Records to process: Begin

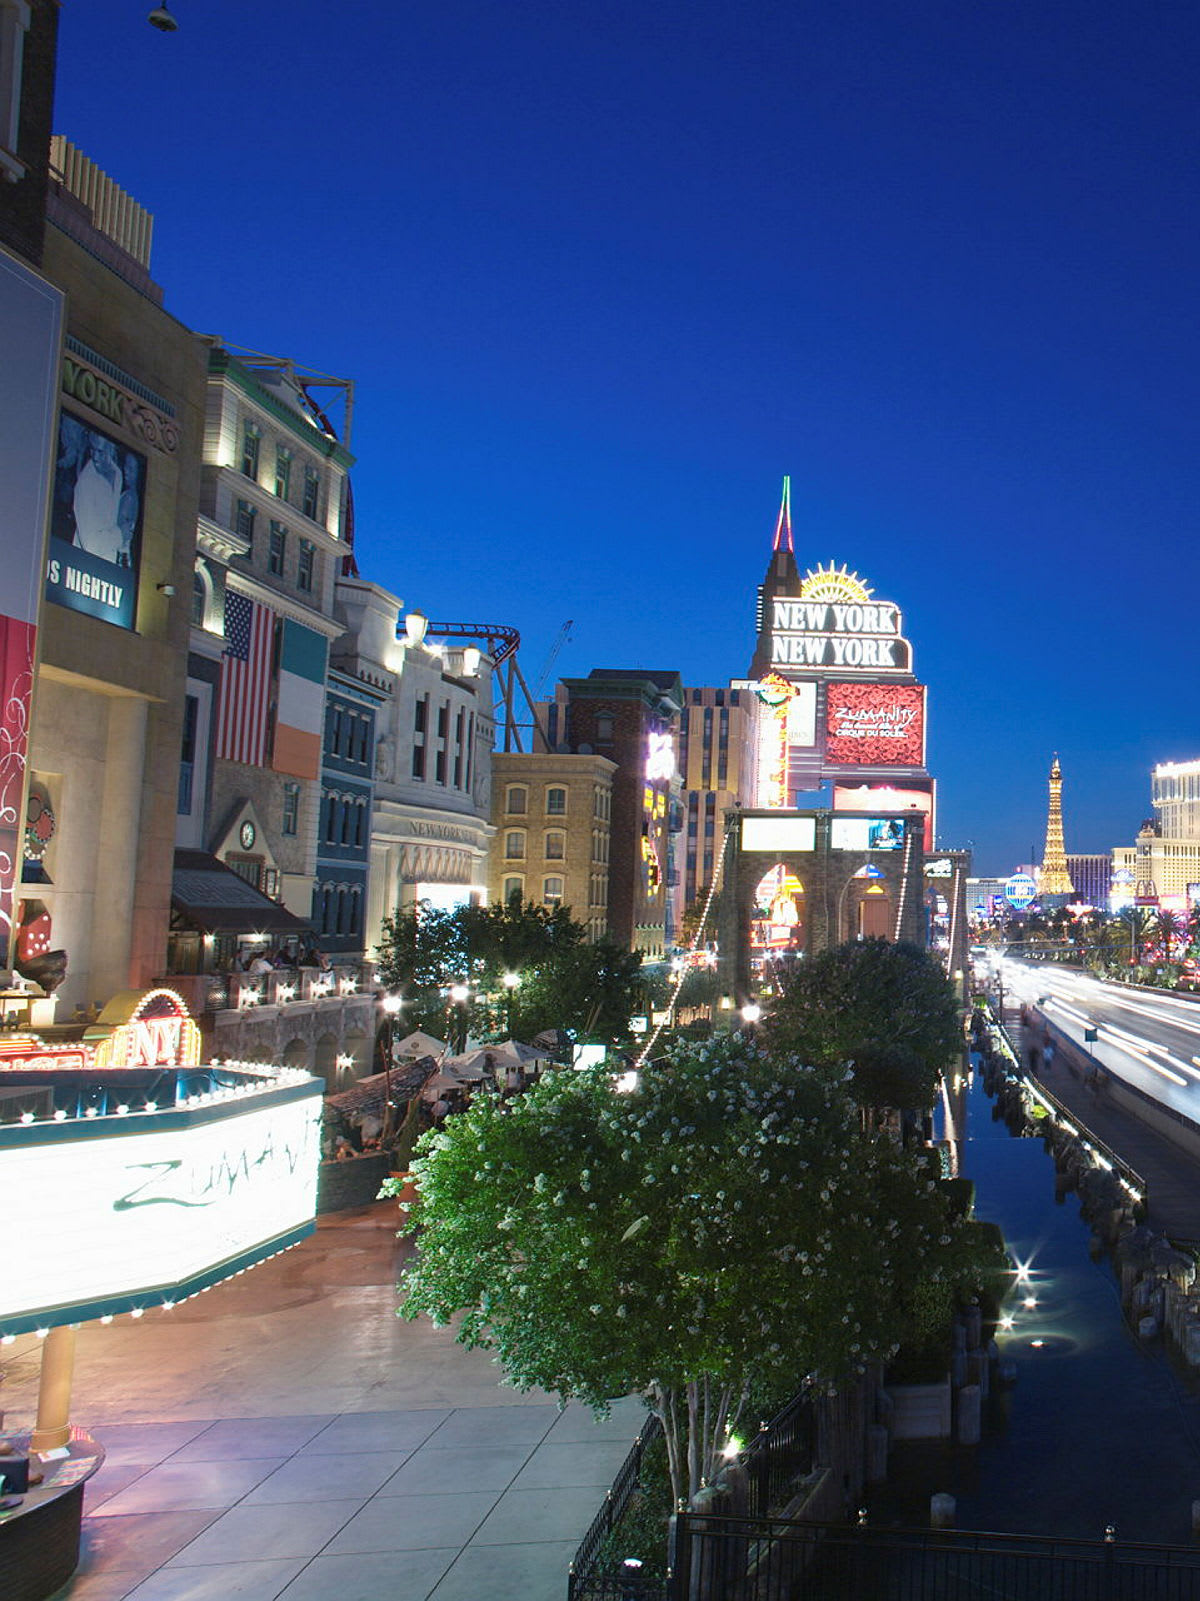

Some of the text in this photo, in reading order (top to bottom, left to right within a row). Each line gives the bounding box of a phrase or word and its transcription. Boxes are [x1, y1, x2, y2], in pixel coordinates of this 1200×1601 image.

[62, 359, 123, 421] YORK
[65, 566, 123, 609] NIGHTLY
[773, 601, 896, 633] NEW YORK
[771, 635, 896, 667] NEW YORK
[835, 704, 918, 726] ZUMANITY
[410, 821, 435, 836] NEW
[136, 1016, 183, 1065] NY
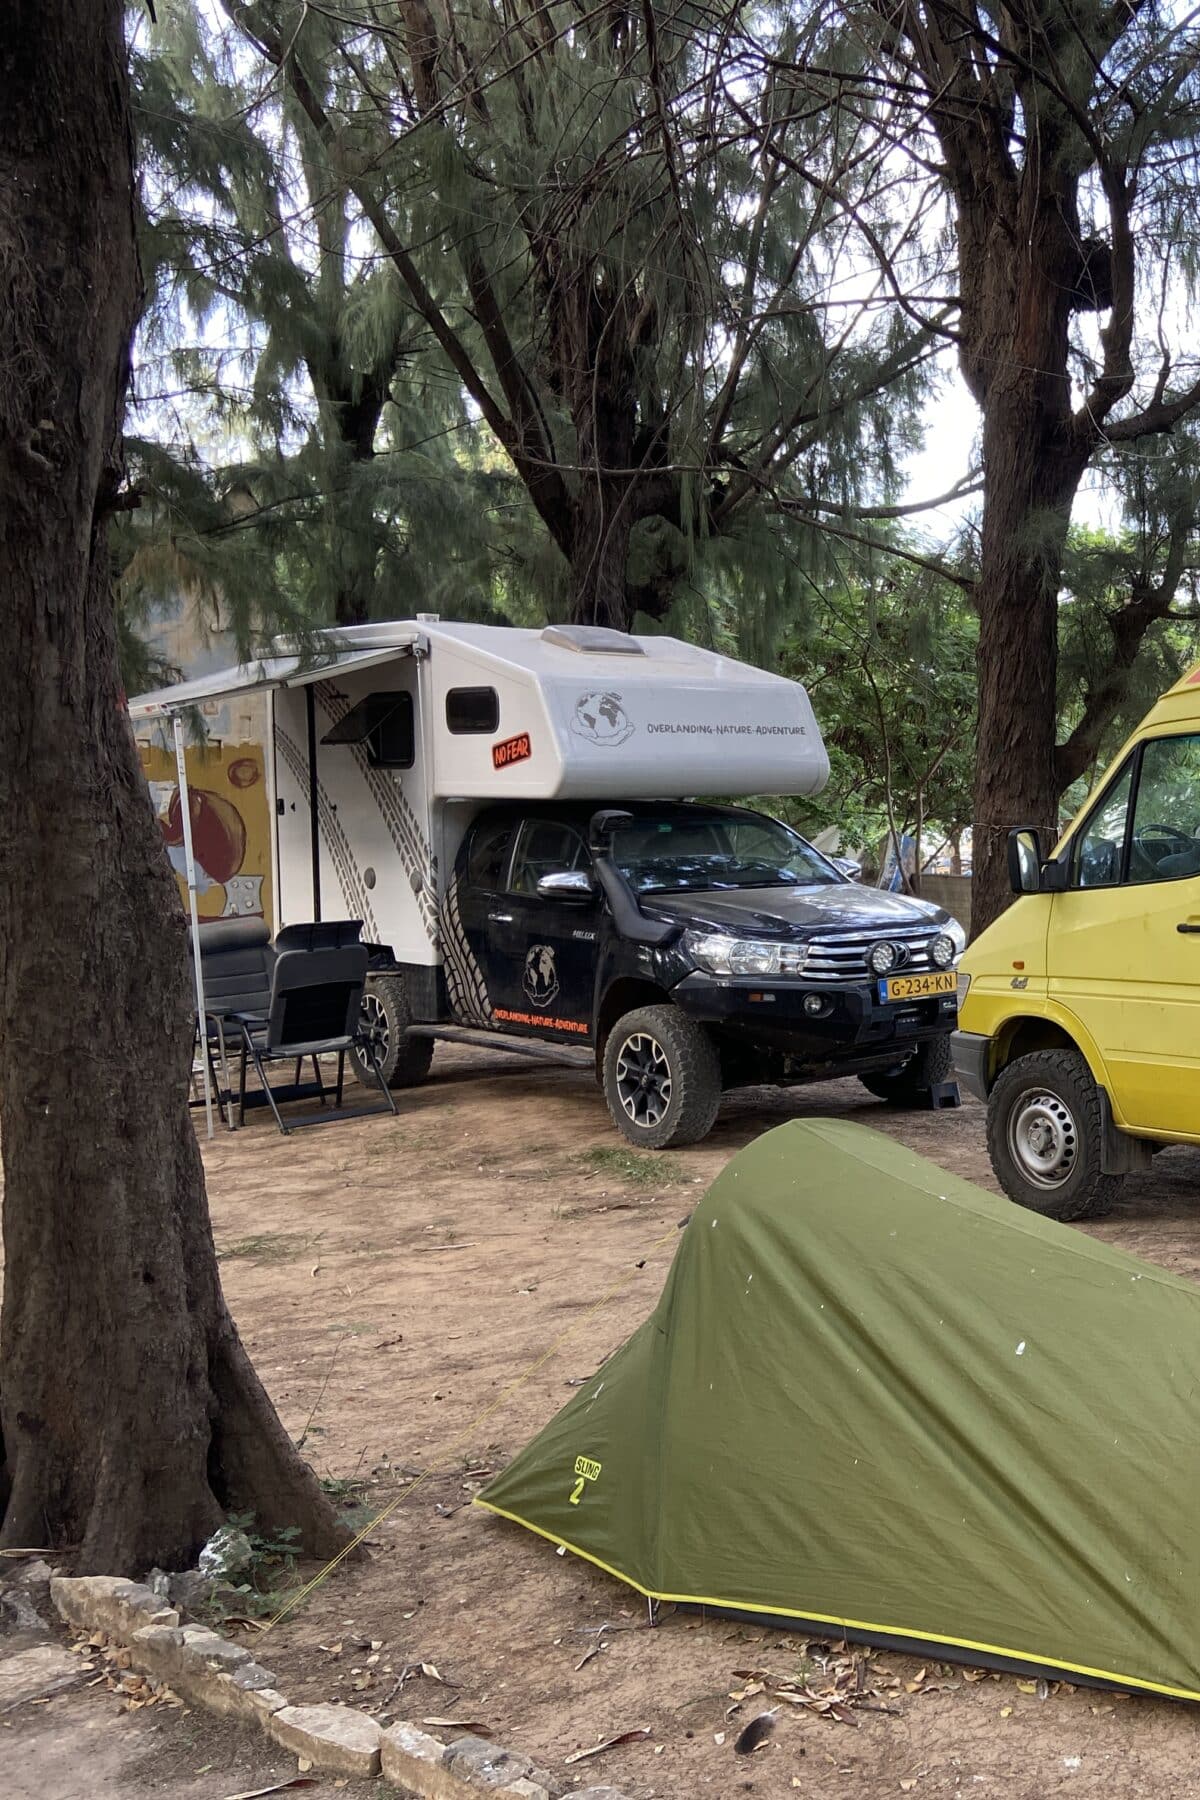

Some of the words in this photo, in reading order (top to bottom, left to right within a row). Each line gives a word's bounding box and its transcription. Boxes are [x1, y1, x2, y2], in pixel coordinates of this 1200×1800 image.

[647, 723, 806, 735] OVERLANDING-NATURE-ADVENTURE
[495, 745, 507, 764] NO
[507, 738, 529, 760] FEAR
[891, 975, 953, 995] G-234-KN
[575, 1457, 601, 1479] SLING
[569, 1477, 585, 1505] 2
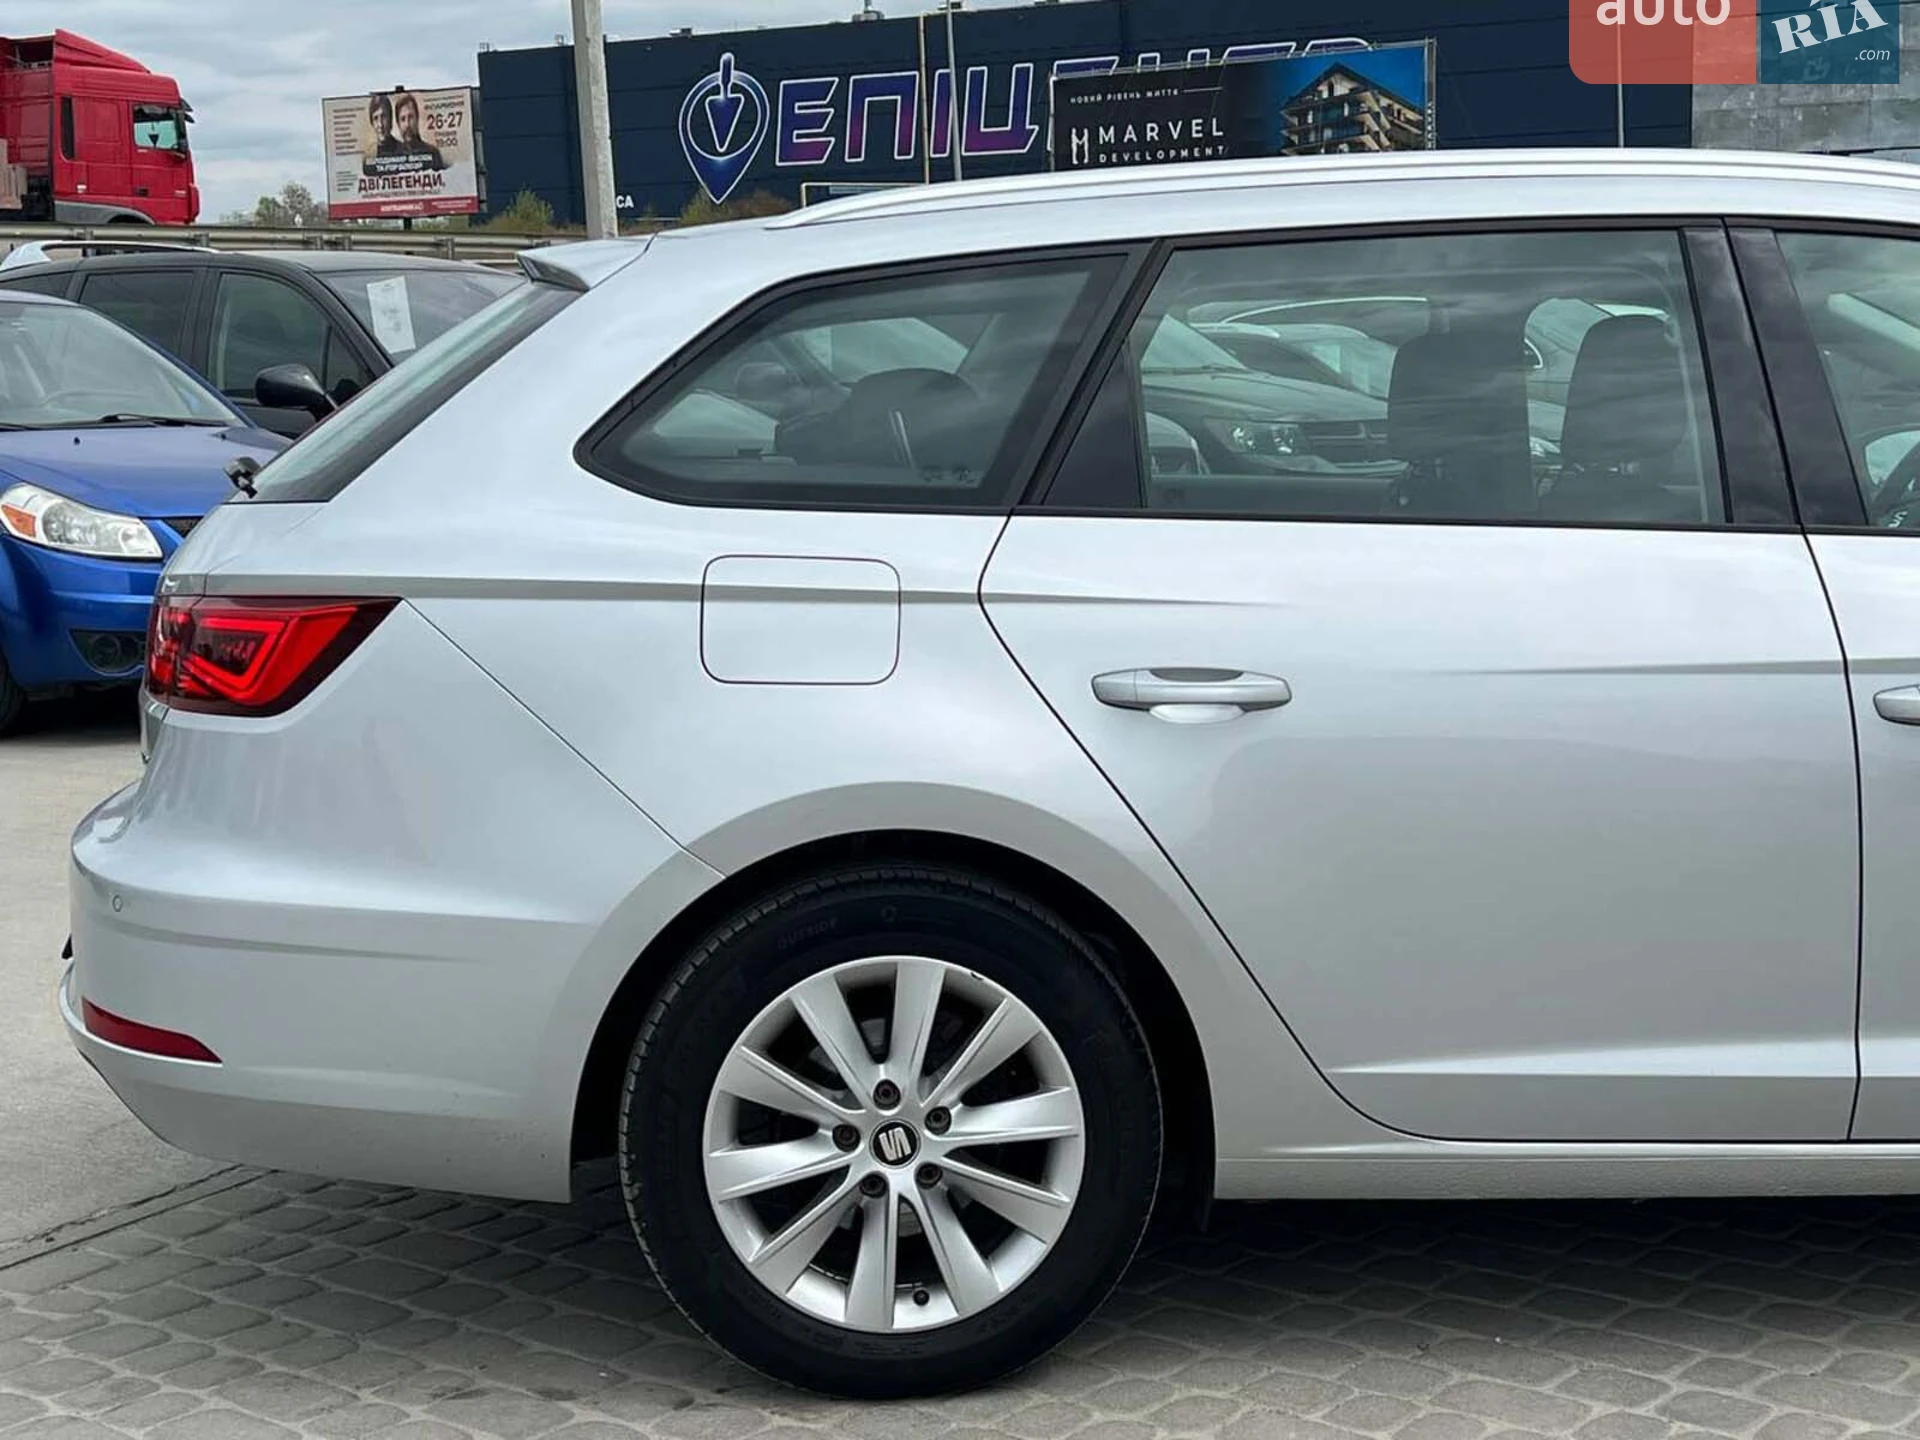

Records to process: End

• [Exercise] If a record holds a picture, skip the picture and write out everything else exactly.

• [Exercise response]
Some of the text in this photo, in reading order (top to bottom, left to right within a row). Each line gives the bounding box of a phrase or word and its transcription. Boxes are [x1, y1, x2, y2], in pixel coordinates of this 1200×1601 image.

[62, 359, 123, 421] YORK
[65, 566, 123, 609] NIGHTLY
[773, 601, 896, 633] NEW YORK
[771, 635, 896, 667] NEW YORK
[835, 704, 918, 726] ZUMANITY
[410, 821, 435, 836] NEW
[136, 1016, 183, 1065] NY

Some of the words in this photo, in reading order (top to bottom, left to right within a row). Each line gives a word's bounding box and its transcription. Boxes are [x1, y1, x2, y2], in pixel coordinates of this 1200×1800 image.

[647, 723, 806, 735] OVERLANDING-NATURE-ADVENTURE
[495, 745, 507, 764] NO
[507, 738, 529, 760] FEAR
[891, 975, 953, 995] G-234-KN
[575, 1457, 601, 1479] SLING
[569, 1477, 585, 1505] 2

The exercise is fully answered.